D’affreuses calamités désolèrent ce règne: la peste, la famine, des inondations du Tibre, un incendie qui dévora une partie de Rome; enfin, une éruption du Vésuve qui ensevelit sous la lave plusieurs villes de la Campanie, notamment Herculanum et Pompéi, et coûta la vie à Pline l’ancien. Mais un malheur plus grand encore fut la mort prématurée de Titus, suivi de l’avènement de son frère Domitien (81).

Domitien (81-96)

Domitien montra de l’intelligence et de l’équité dans ses premiers actes. Mais il était soupçonneux; il devint promptement cruel. Les délateurs reparurent et avec eux les bourreaux. Son cousin Sabinus fut mis à mort parce que le crieur qui devait le nommer consul l’avait par mégarde appelé empereur. Un historien périt pour un passage de ses écrits qui avait déplu au tyran. Afin de s’attacher les soldats et le peuple il leur prodigua l’or et les jeux. Et pour faire face à ces dépenses, confisqua souvent sans motifs le bien des riches. A ce penchant vers la cruauté se joignait une vanité sans bornes : il voulait qu’on l’appelât dieu et seigneur.

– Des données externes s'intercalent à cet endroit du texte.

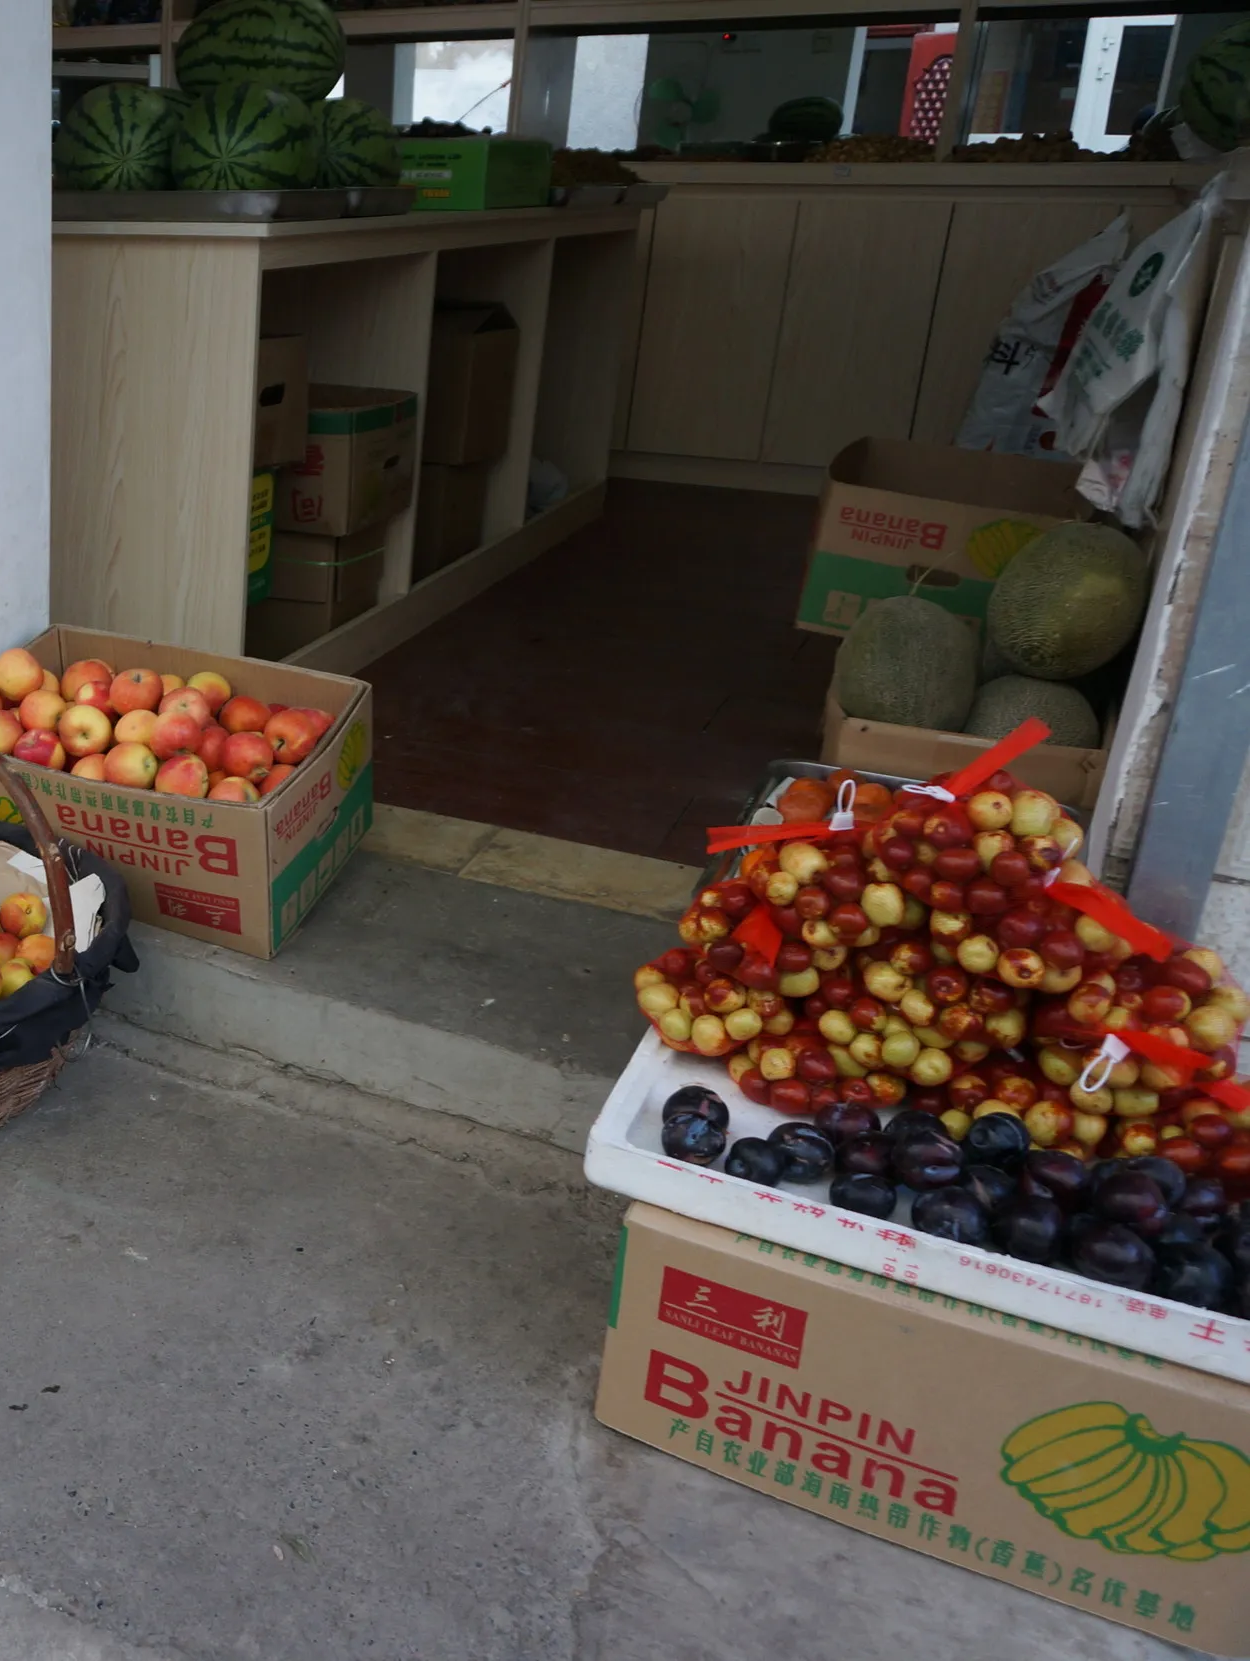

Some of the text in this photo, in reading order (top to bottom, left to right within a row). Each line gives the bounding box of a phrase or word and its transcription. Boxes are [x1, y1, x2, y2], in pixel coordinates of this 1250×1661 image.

Il se plaisait à humilier le sénat. Un jour il convoqua cet illustre corps pour délibérer sur la sauce qui convenait le mieux à un turbot. Une autre fois, les sénateurs trouvent en entrant au palais toutes les salles tendues de noir, les esclaves vêtus ainsi qu’on disait que l’étaient les ombres des enfers, la table dressée comme pour les repas funèbres, et près de chaque siège une colonne funéraire. Pour des hommes qui connaissaient les sanglantes fantaisies du prince, c’était une annonce de mort. Domitien prend la parole : il n’a à la bouche que des mots lugubres; il parle de morts, de supplices. L’angoisse redouble, et pourtant il faut manger et rire. Après s’être longtemps amusé de leur frayeur, Domitien les renvoya chez eux.

Il ambitionna la gloire militaire et ravagea sans motif le pays des Quades, pour revenir à Rome en triomphe. Mais les prisonniers qu’il conduisait derrière son char n’avaient de Germain que le nom. C’étaient des gens achetés ou loués pour la cérémonie. Les Daces qu’il attaqua le forcèrent à leur payer un tribut.

Conquête de la Bretagne par Agricola (78-85)

Les victoires de son général Agricola, beau-père de l’historien Tacite, furent plus sérieuses. Cet habile capitaine acheva la conquête de la Bretagne, commencée sous l’empereur Claude, et fit le tour de l’Ile avec sa flotte, sans toutefois dompter les montagnards de la Calédonie (Ecosse). Il rentra dans Rome sans bruit et sans triomphe, obligé qu’il était de se faire pardonner sa gloire à force d’humilité.

Domitien est assassiné (96)

Après quinze ans d’une terreur constante, éprouvée par le tyran comme par ses sujets, il fut, malgré toutes ses précautions, assassiné par sa femme Domitilla et plusieurs personnes qu’il destinait à la mort (96). Il avait ordonné la seconde persécution contre les chrétiens.